** Stored data follows **

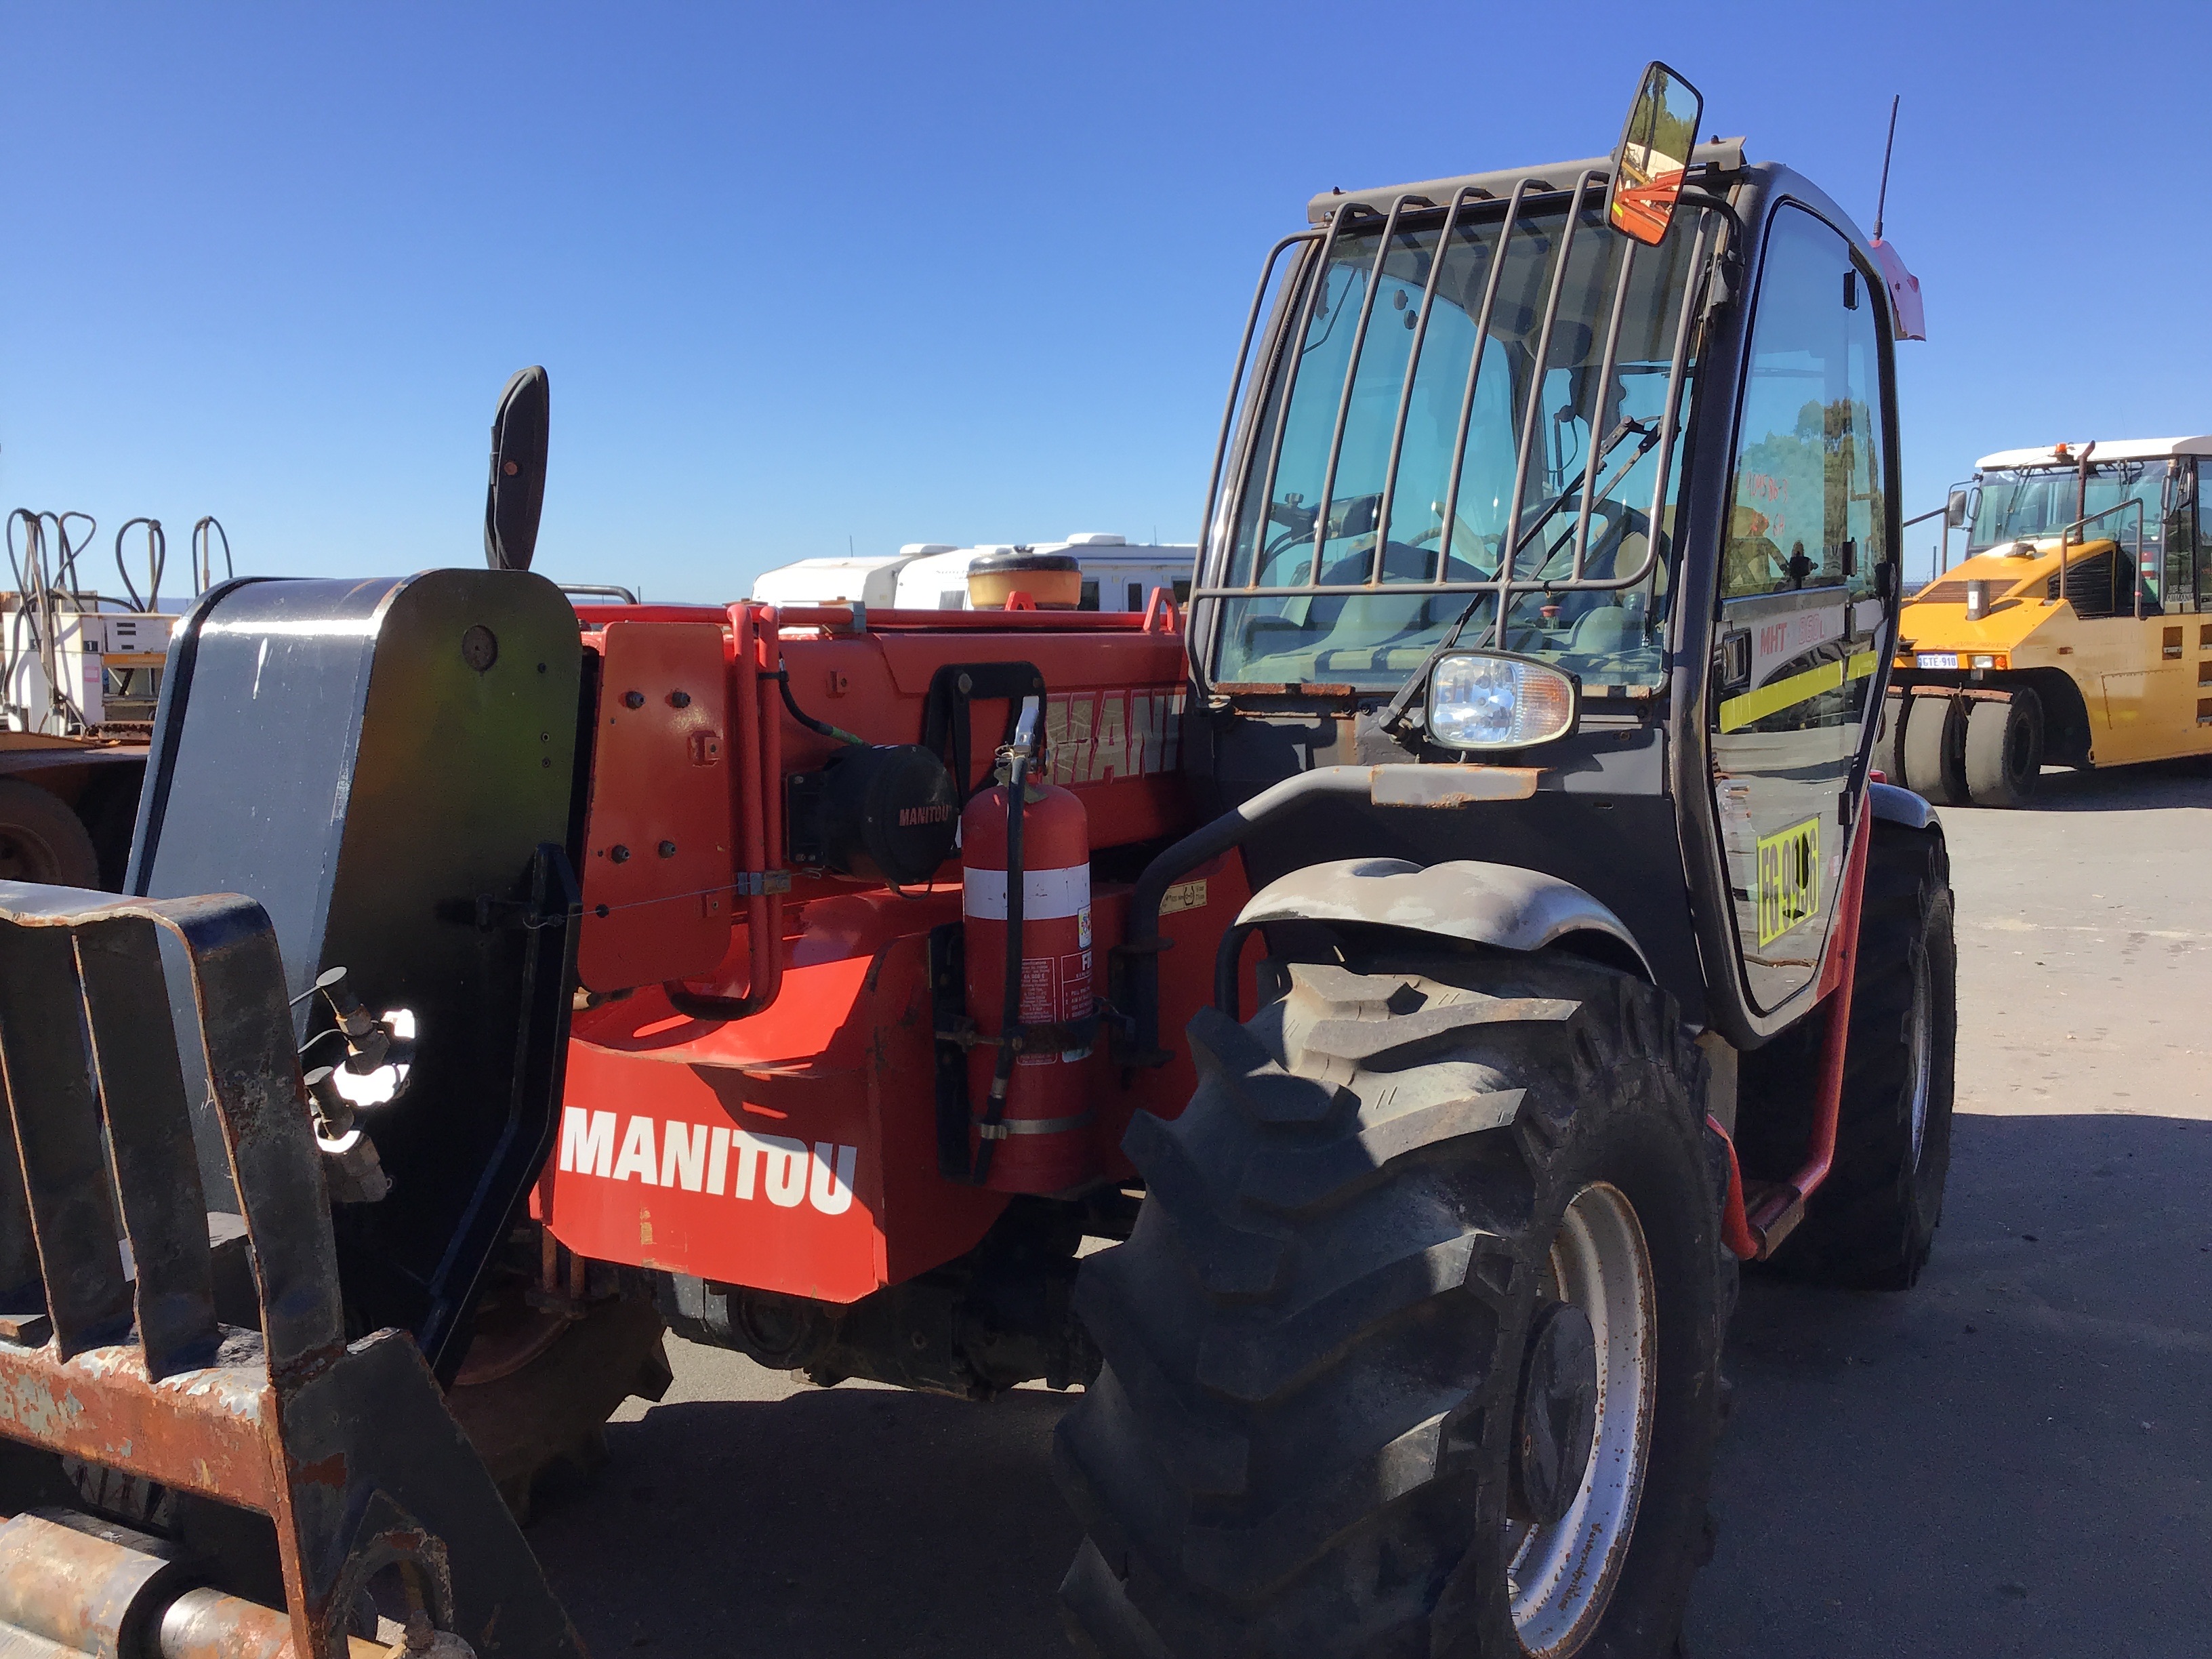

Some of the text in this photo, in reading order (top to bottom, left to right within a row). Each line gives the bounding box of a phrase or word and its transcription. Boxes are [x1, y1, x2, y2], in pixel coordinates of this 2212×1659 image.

[1761, 622, 1788, 657] MHT
[1042, 691, 1186, 785] MANI
[899, 804, 949, 826] MANITOU
[559, 1106, 857, 1215] MANITOU
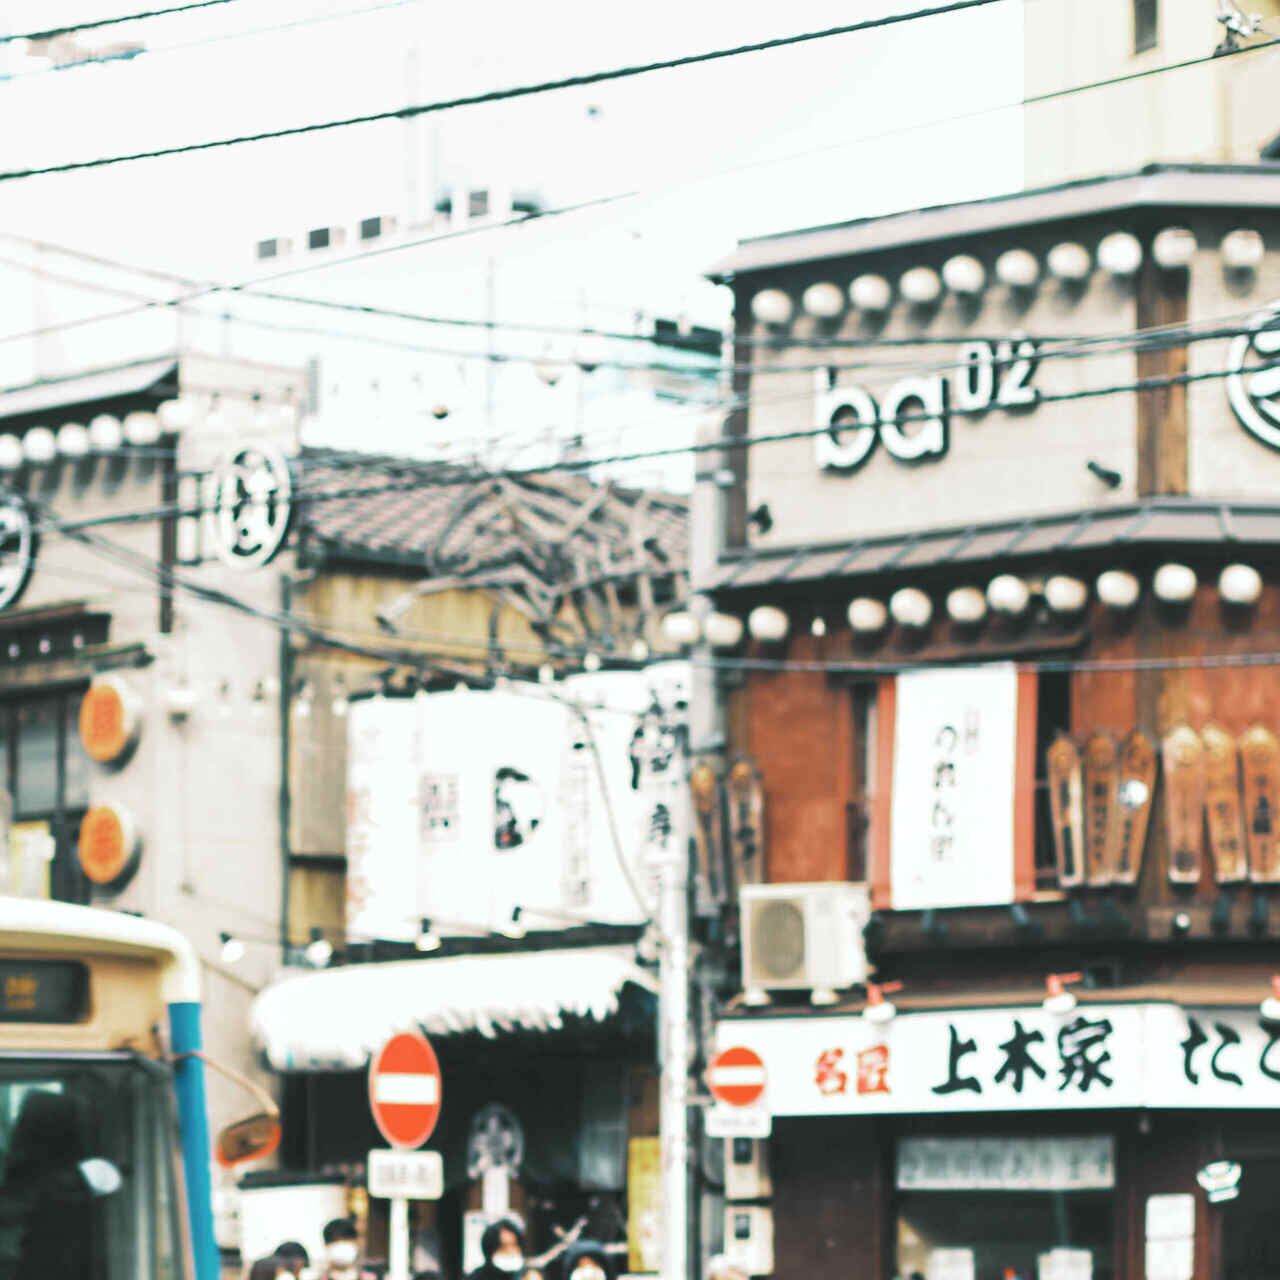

** End of Stored data **

Required work:
Give back each entry exactly as it appears. Leave pictures out.

Written answer:
Some of the text in this photo, in reading order (top to bottom, left to right within a row). Each line gives the bounding box of a phrase or word and its transcription. Boxes are [x1, y1, x2, y2], in pixel coordinates of this 2212×1659 image.

[1761, 622, 1788, 657] MHT
[1042, 691, 1186, 785] MANI
[899, 804, 949, 826] MANITOU
[559, 1106, 857, 1215] MANITOU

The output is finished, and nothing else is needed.